Many people with smell loss live out their lives without cognitive decline. Statistical significance in research doesn’t equal clinical certainty for any individual person. This distinction is crucial for avoiding unnecessary anxiety or overmedicalizing normal aging. Additionally, these early signs appear more clearly in certain dementia types than others. Olfactory loss is particularly prominent in Alzheimer’s disease but less so in some other forms of dementia like vascular dementia or frontotemporal dementia. Behavioral changes are more characteristic of frontotemporal dementia than Alzheimer’s disease. A person might show one warning sign strongly while other markers remain absent, yet still be experiencing meaningful neurological changes. This complexity is precisely why evaluation requires expert clinical judgment rather than self-diagnosis based on symptoms alone.

Important Limitations and Cautions When Interpreting These Signs

The Importance of Baseline Assessment and Ongoing Monitoring

One of the most valuable things families can do is establish a baseline of cognitive and olfactory function early, particularly for those with dementia risk factors (family history, age over 60, cardiovascular disease). This baseline becomes the reference point for detecting meaningful change over time. Many primary care physicians can perform basic cognitive screening, and smell assessment requires only a simple odor identification test, available at many healthcare settings. Once a baseline is established, periodic reassessment—perhaps annually or every two years—allows providers to track trajectories.

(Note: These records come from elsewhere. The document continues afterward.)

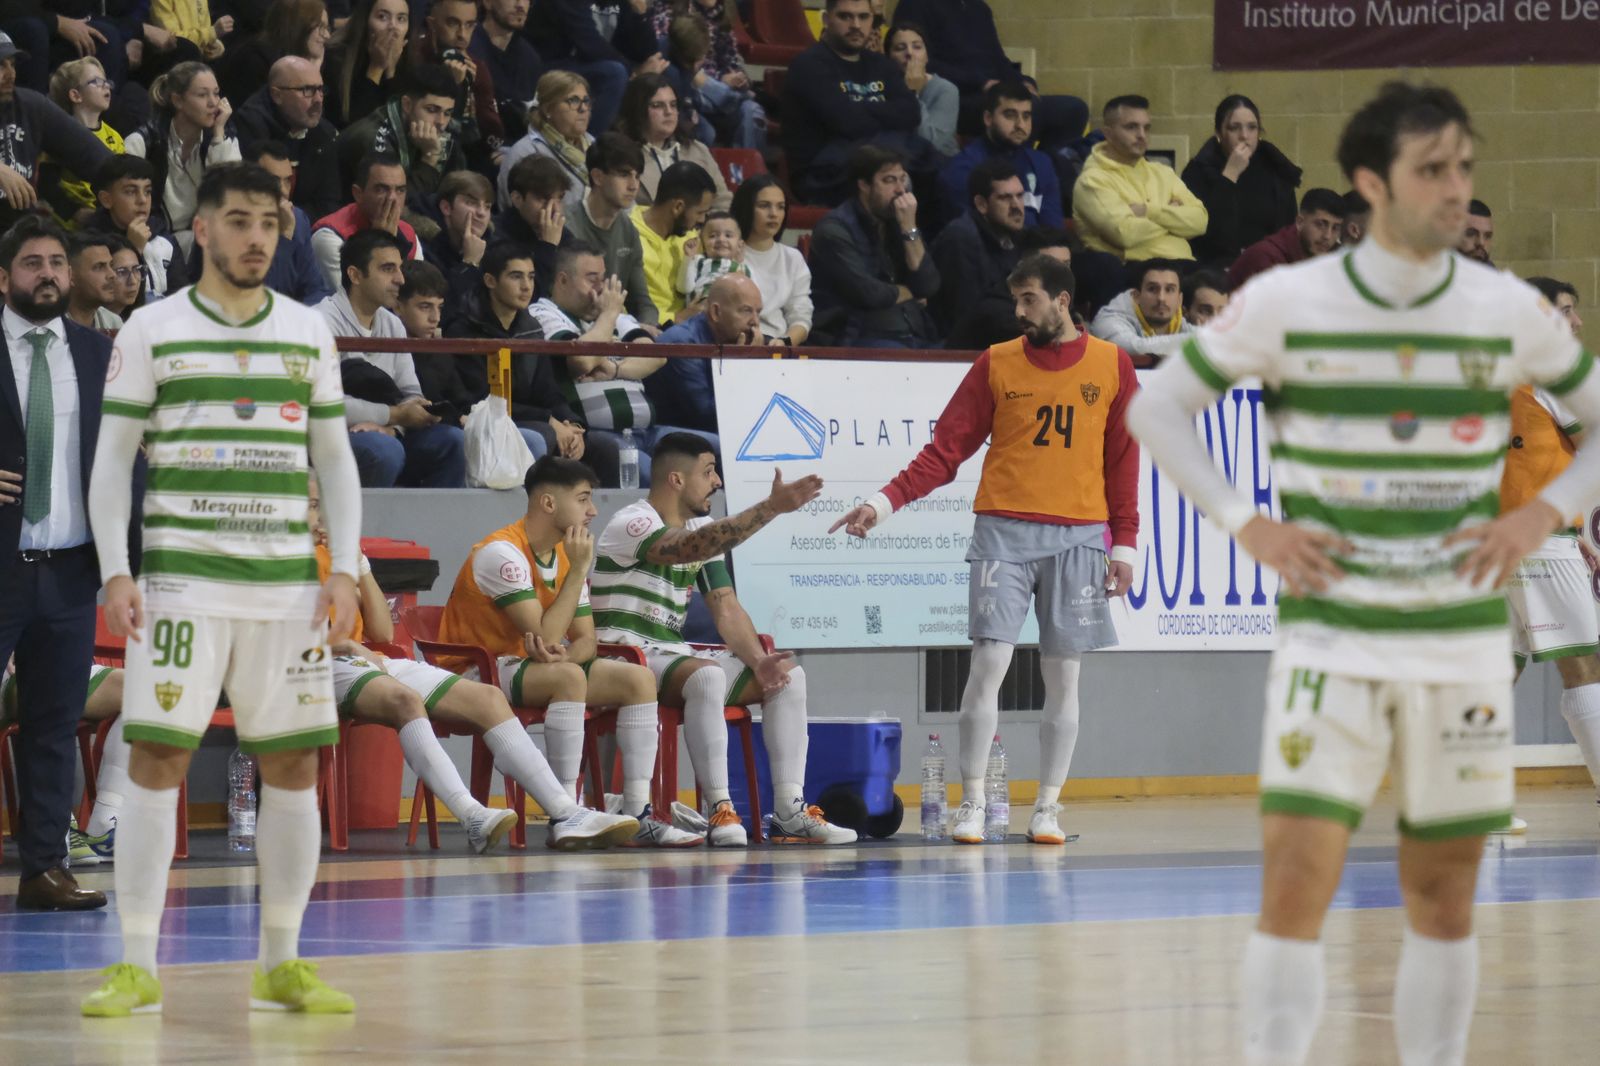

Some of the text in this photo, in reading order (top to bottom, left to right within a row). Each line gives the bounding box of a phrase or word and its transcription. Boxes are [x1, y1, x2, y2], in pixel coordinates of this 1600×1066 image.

[1243, 0, 1600, 30] Instituto Municipal de De
[829, 418, 992, 446] PLATE
[1033, 404, 1074, 449] 24
[190, 499, 277, 516] Mezquita-
[797, 496, 844, 516] ogados
[904, 496, 973, 513] Administrativ
[790, 535, 836, 550] Asesores
[846, 532, 933, 550] Administradores
[935, 532, 951, 550] de
[790, 574, 861, 587] TRANSPARENCIA
[866, 573, 947, 586] RESPONSABILIDAD
[980, 561, 1000, 588] 12
[929, 603, 970, 617] www.plate
[790, 616, 838, 629] 957 435 645
[1158, 614, 1206, 635] CORDOBESA
[1208, 614, 1219, 635] DE
[1221, 614, 1272, 635] COPIADORAS
[152, 618, 194, 669] 98
[1285, 667, 1327, 716] 14

Someone whose smell declines slightly over five years follows a different clinical path than someone whose smell collapses over six months. Change over time matters more than absolute scores. A person with a lifelong poor sense of smell who remains stable is different from someone with normal smell who experiences rapid decline. This is why ongoing monitoring, rather than single-point evaluation, provides the most clinically useful information for predicting cognitive risk.

Looking Forward—What Research Is Revealing About Early Detection

The convergence of olfactory loss, behavioral changes, and neuroimaging findings is reshaping how researchers and clinicians approach dementia prevention. Rather than waiting for memory loss to signal the disease, the field is increasingly focused on identifying people in the preclinical stage—those with brain changes but no obvious symptoms. This shifts the therapeutic window, potentially allowing interventions when the brain is most responsive to protective strategies.

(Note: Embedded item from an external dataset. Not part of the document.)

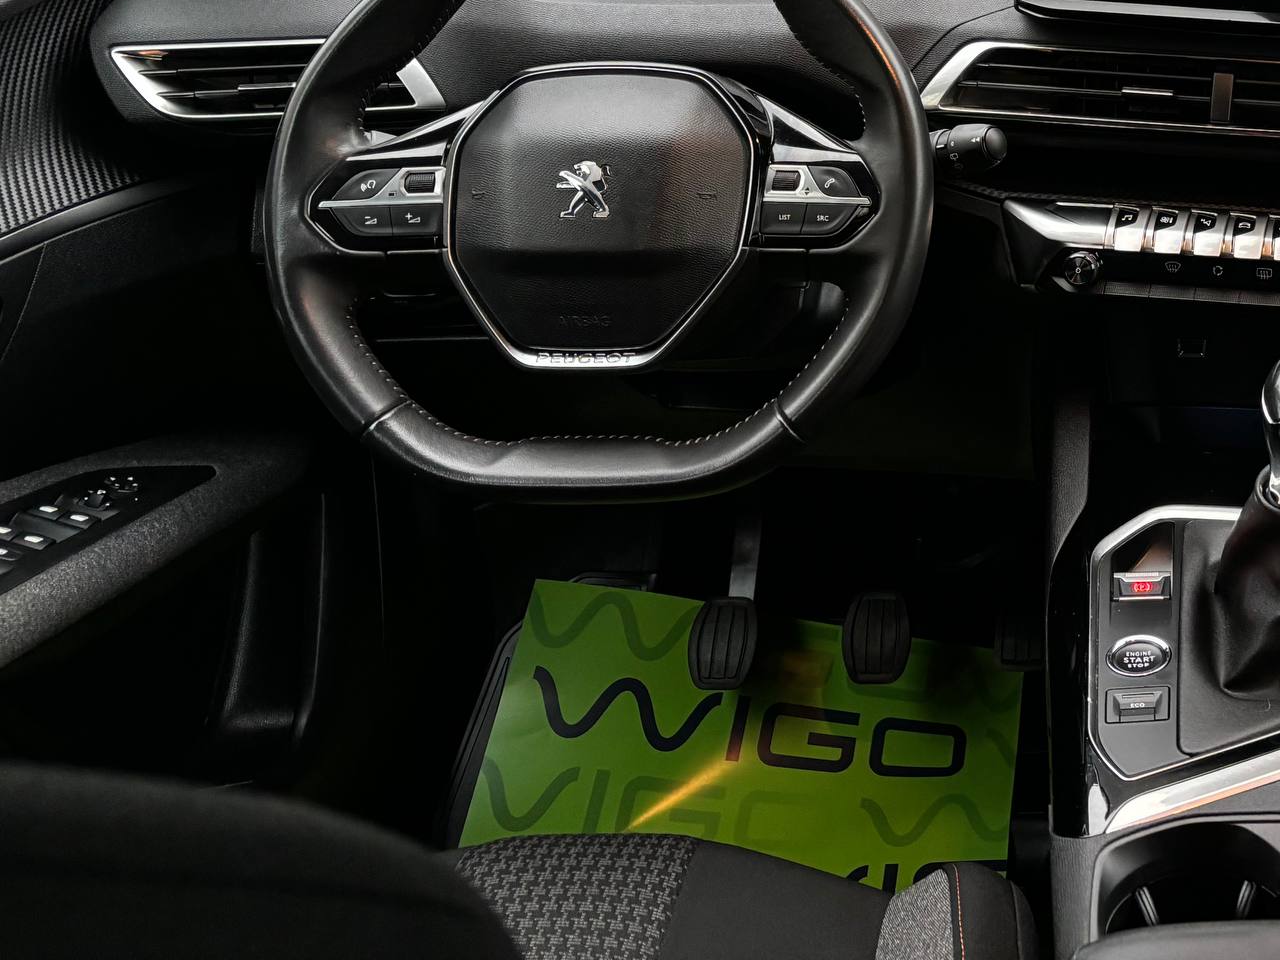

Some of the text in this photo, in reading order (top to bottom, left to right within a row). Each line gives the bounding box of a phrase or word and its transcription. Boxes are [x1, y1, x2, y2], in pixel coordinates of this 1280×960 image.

[535, 351, 637, 366] PEUGEOT
[1123, 655, 1156, 664] START
[533, 665, 967, 778] WIGO

Emerging research also suggests that maintaining robust olfactory function—through olfactory enrichment, diverse sensory experiences, and overall brain health—may help preserve cognitive function into older age. While no intervention has been proven to prevent dementia outright, maintaining cardiovascular health, cognitive engagement, physical activity, and social connection all correlate with slower cognitive decline. These lifestyle factors don’t just support brain health directly; they may also help maintain the olfactory and emotional regulation systems that serve as early warning systems for neurological decline.

Conclusion

Loss of sense of smell and personality changes can be early indicators of dementia, sometimes appearing years before cognitive decline becomes noticeable. The research demonstrating this connection is robust and increasingly specific: olfactory loss predicts brain changes with power equivalent to major genetic risk factors, and behavioral changes during the early cognitive decline phase predict progression to dementia. However, these signs are not certain indicators—they warrant evaluation and monitoring rather than immediate diagnosis or panic.

The most practical response is straightforward: if you notice rapid smell loss in yourself or a family member, or if you observe sustained personality changes that represent a meaningful shift from baseline, discuss these with a healthcare provider. Establish a baseline for both cognitive function and olfactory ability. Track changes over time rather than focusing on any single moment. This combination of awareness, evaluation, and ongoing monitoring positions families to catch significant neurological changes early, when interventions may be most beneficial, while avoiding the overdiagnosis and anxiety that can accompany identifying risk factors in otherwise healthy aging.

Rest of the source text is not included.